For all of these performers, the coronavirus pandemic has represented the loss of a major opportunity. China’s hotels have offered DJ Naomi Di Dámaso a salary that she would never earn back home in Venezuela, where an economic downturn and medicine shortages have been a part of daily life for years. Working in China helped Di Dámaso support her family’s relocation from Venezuela’s “bad situation” to Italy last year. “I miss China every day,” she tells InsideHook from lockdown.
“I’ve made my life in China,” echoes guitarist Jesus Sisco, also Venezuelan, whose bands have covered pop hits in the People’s Republic for four years. “The environment is really good for foreign musicians.”
But that environment has also never been more unpredictable, artists say. “Because we work on contract, we never know how long it will last,” says Lina Vosk, a Ukrainian singer who has performed with her boyfriend at several China hotels. “We were always saving as much as we could to pay the bills; that’s how we’ve survived.”

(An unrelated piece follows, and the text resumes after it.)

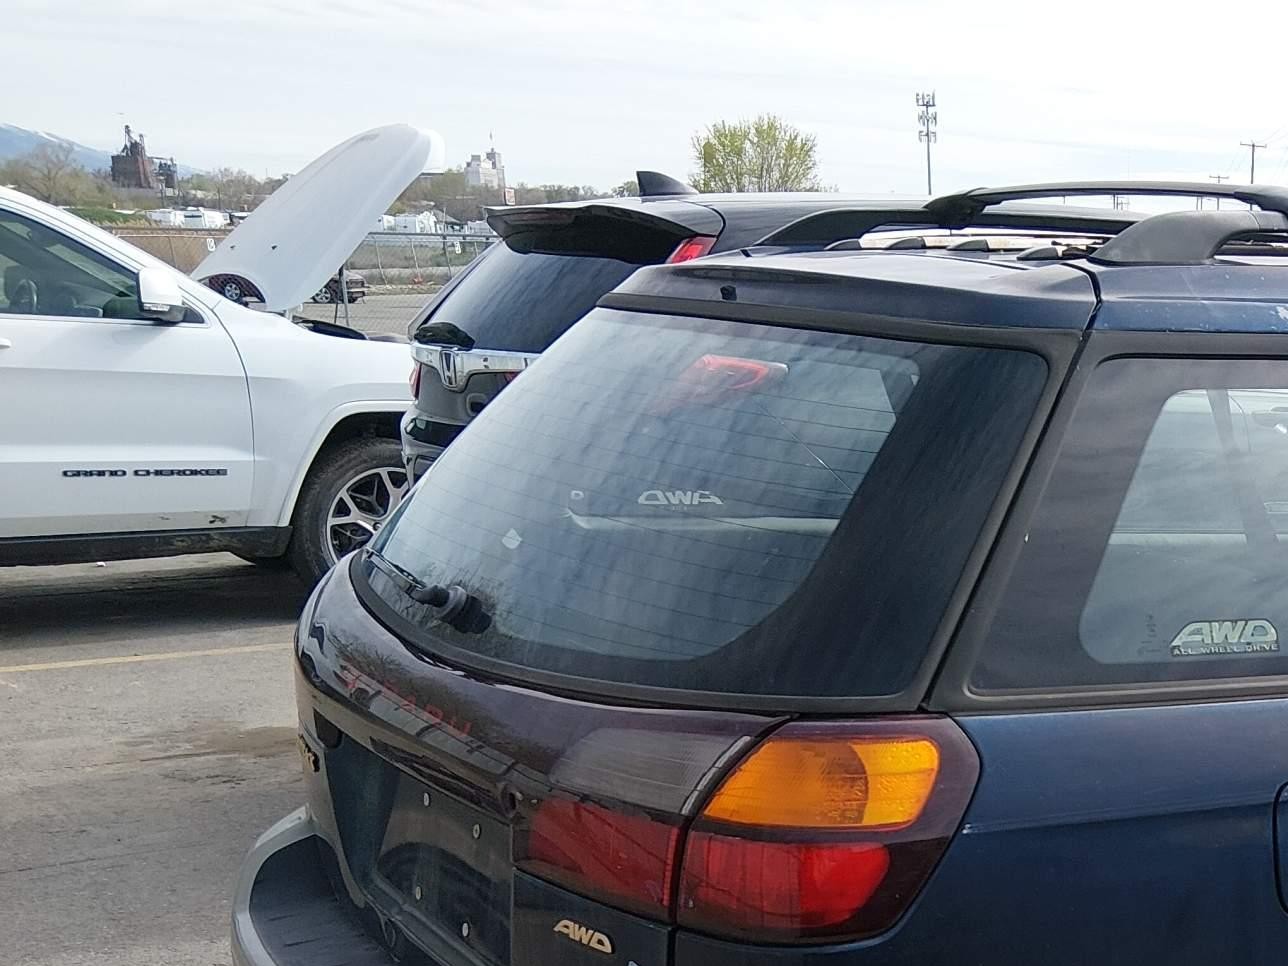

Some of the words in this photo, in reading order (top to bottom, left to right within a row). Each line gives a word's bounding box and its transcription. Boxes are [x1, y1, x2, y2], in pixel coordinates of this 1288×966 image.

[62, 469, 127, 477] GRAND
[133, 468, 228, 477] CHEROKEE
[1169, 619, 1278, 646] AWD
[553, 919, 613, 954] AWD

Soul Shake’s Tom Knight says he applied for government aid after New Zealand closed public venues and banned gatherings. Before, he was gigging around his hometown as often as he could. “The biggest part for me is giving back,” says Knight. “Even if you get no money, at least you’re performing and doing something that’s gonna give you that expression, give you that break, give you that energy.”
Last year, live entertainment in China accounted for only about $2.5 billion of its $50 billion music industry, according to Song Ke, a former head of Warner Music Group. “It’s true that China is a rapidly growing live entertainment market,” he recently told the China Music Industry Forum. “But we are facing challenges.”
One of the biggest obstacles? A structure supporting live music, aside from festivals, “hasn’t quite taken shape yet,” says Alex Taggart of Outdustry, a China-based music industry services firm. “China is notoriously lacking in a sustainable middle class of promoters and venues.”
In a case of odd timing just before the outbreak, Beijing announced its pursuit to become an “international music capital” within five years. But details beyond that ambition are unclear, as the physical distance between musicians and fans has never been greater.
One thing that is clear is the desire to host and nurture foreign talent. Soul Shake guitarist Danny Dunn, who has worked all over the world, tells us that the Chinese are by far the most welcoming audience for Westerners. “Here, you have a community in a big city; there’s no judgment,” he says. “It’s not like a holiday resort or a cruise ship, where people come for two weeks and they half-listen. People here come to actually enjoy it.”
There’s no indication of when that will happen again. China has not determined when it will lift its ban on foreigners, and until it does, the country’s expat musicians (now entering their third month of unemployment) will be stuck half a world away, optimistic for an encore.
“I can’t wait to come back to the country that gave me a second life,” says Di Dámaso.